I'm not entirely sure this is true, but I can end up with another
thread waiting on a mutex that the thread that is making the request
to the drive is supposed to release. But the thread is gone and the
mutex is still locked.
In summary, I'm using a mutex to indicate that a thread has completed.
One thread waits on that mutex until the IO thread exits. Under these
circumstances, the IO thread has gone, but the mutex is still locked.
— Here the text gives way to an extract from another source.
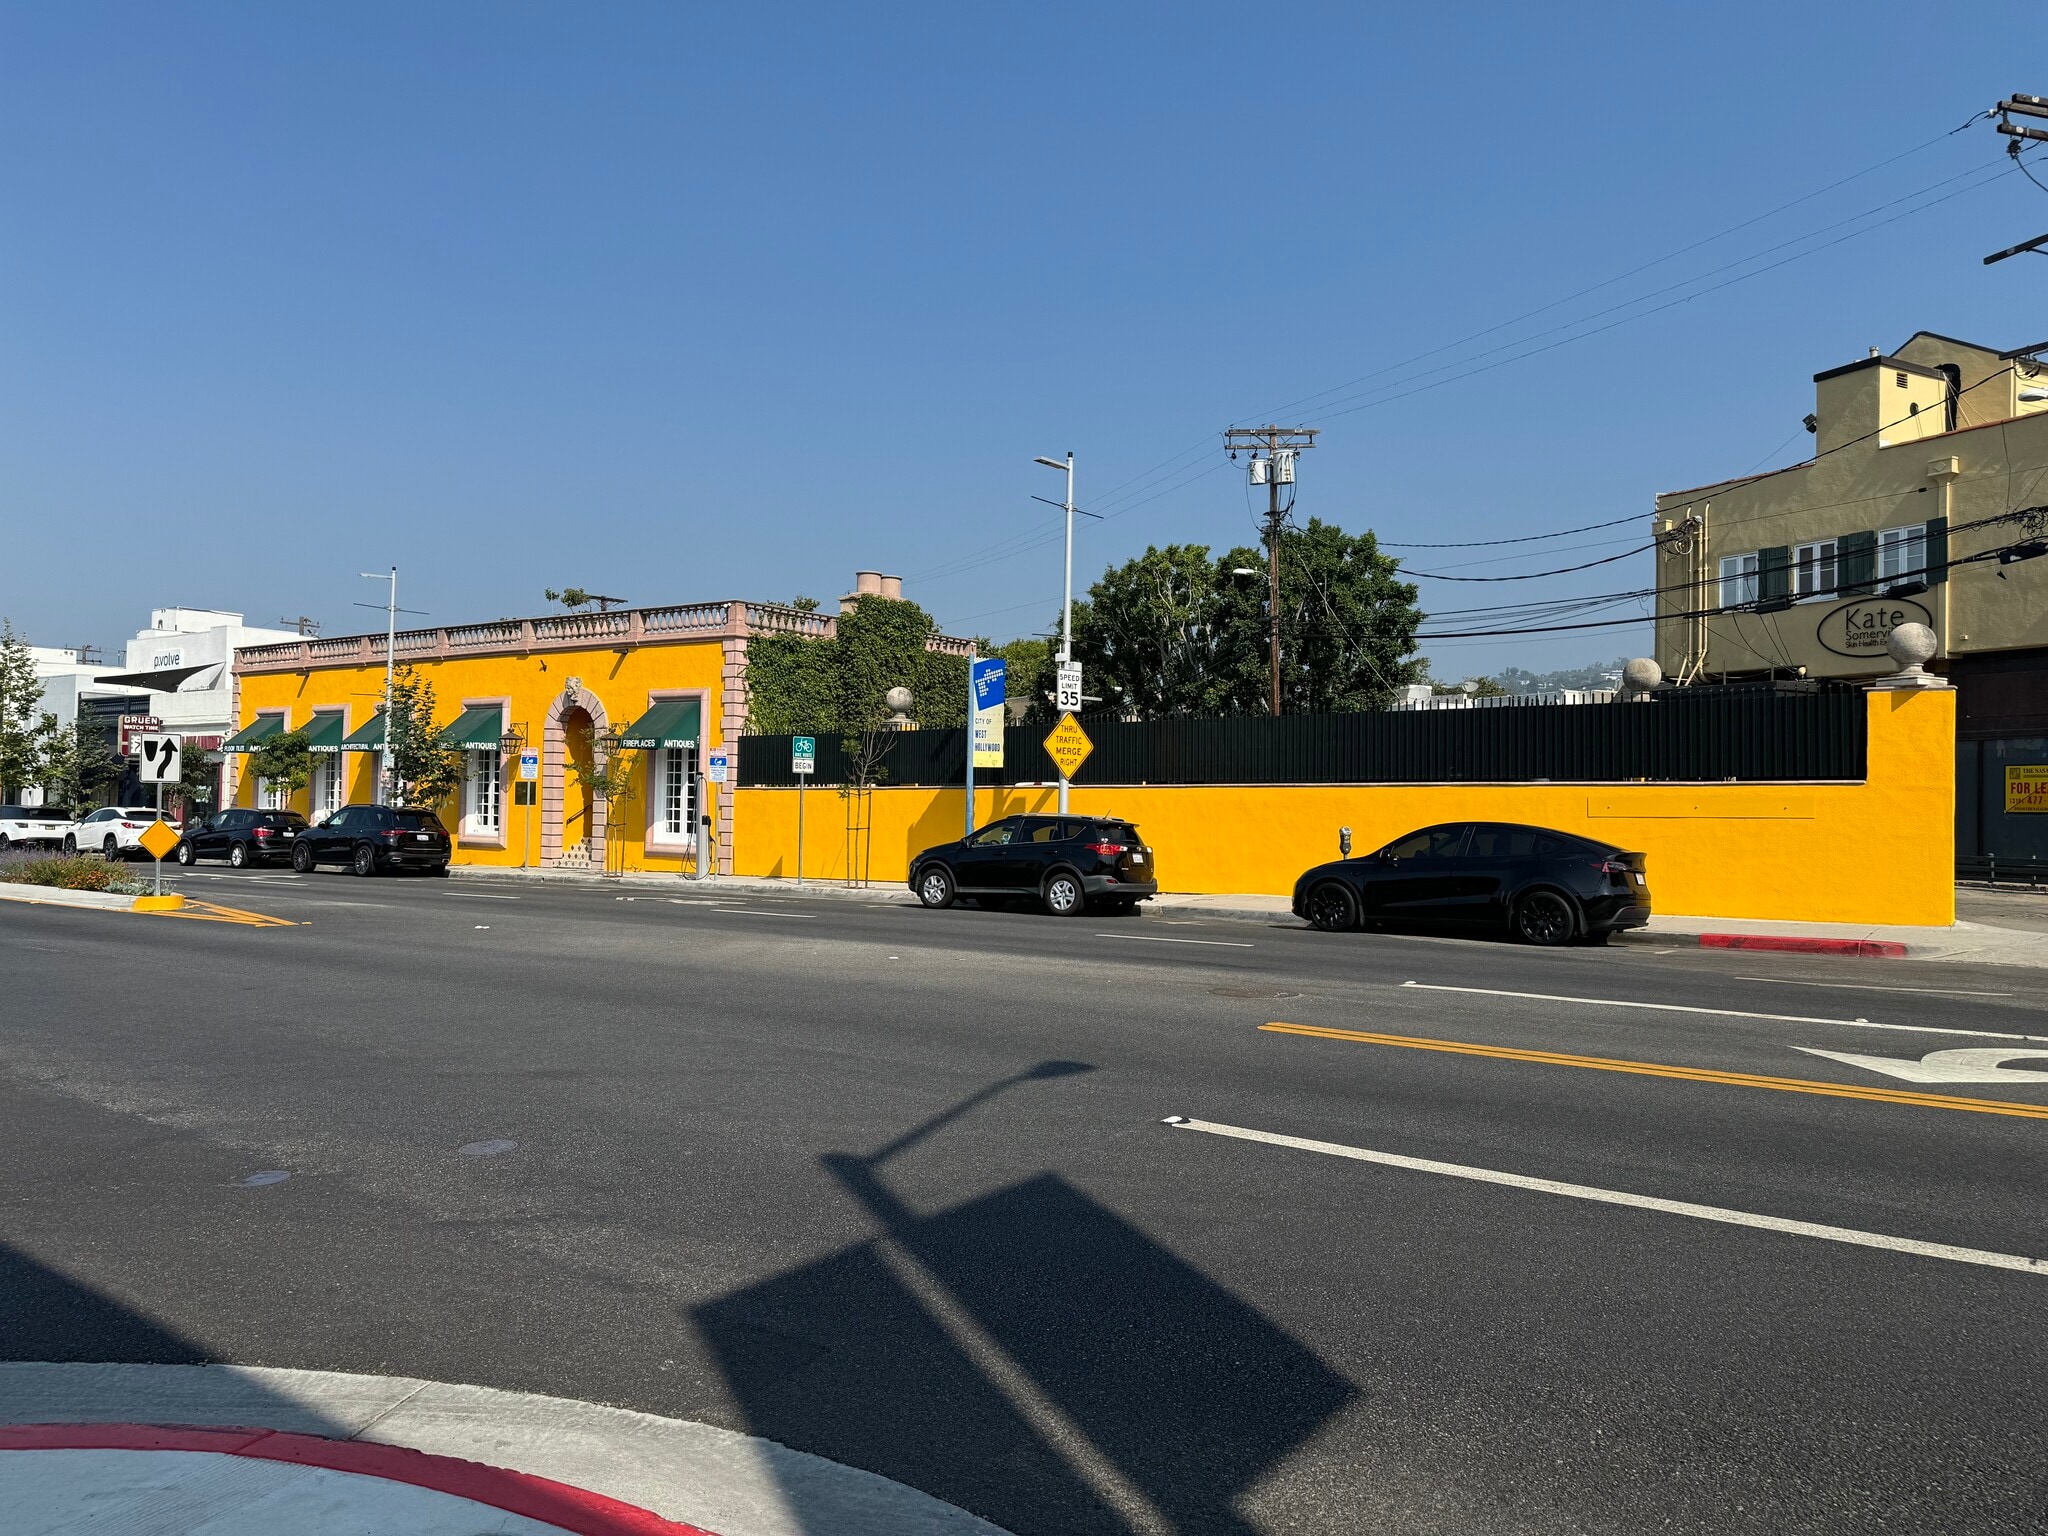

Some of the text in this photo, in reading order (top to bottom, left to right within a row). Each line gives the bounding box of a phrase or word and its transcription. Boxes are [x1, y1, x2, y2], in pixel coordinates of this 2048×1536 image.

Still doing debugging, but thread synchronization seems to be
something useful here.
I guess a related question would be how to tell that a thread is still
valid and active. That is a thread's state (given a thread reference
of course).
...Duane
On Dec 8, 2009, at 10:03 PM, Godfrey van der Linden wrote:
> IIRC there is no automatic way of doing this. In any case I had to
> roll my own with complicated locking and other weird hand off code.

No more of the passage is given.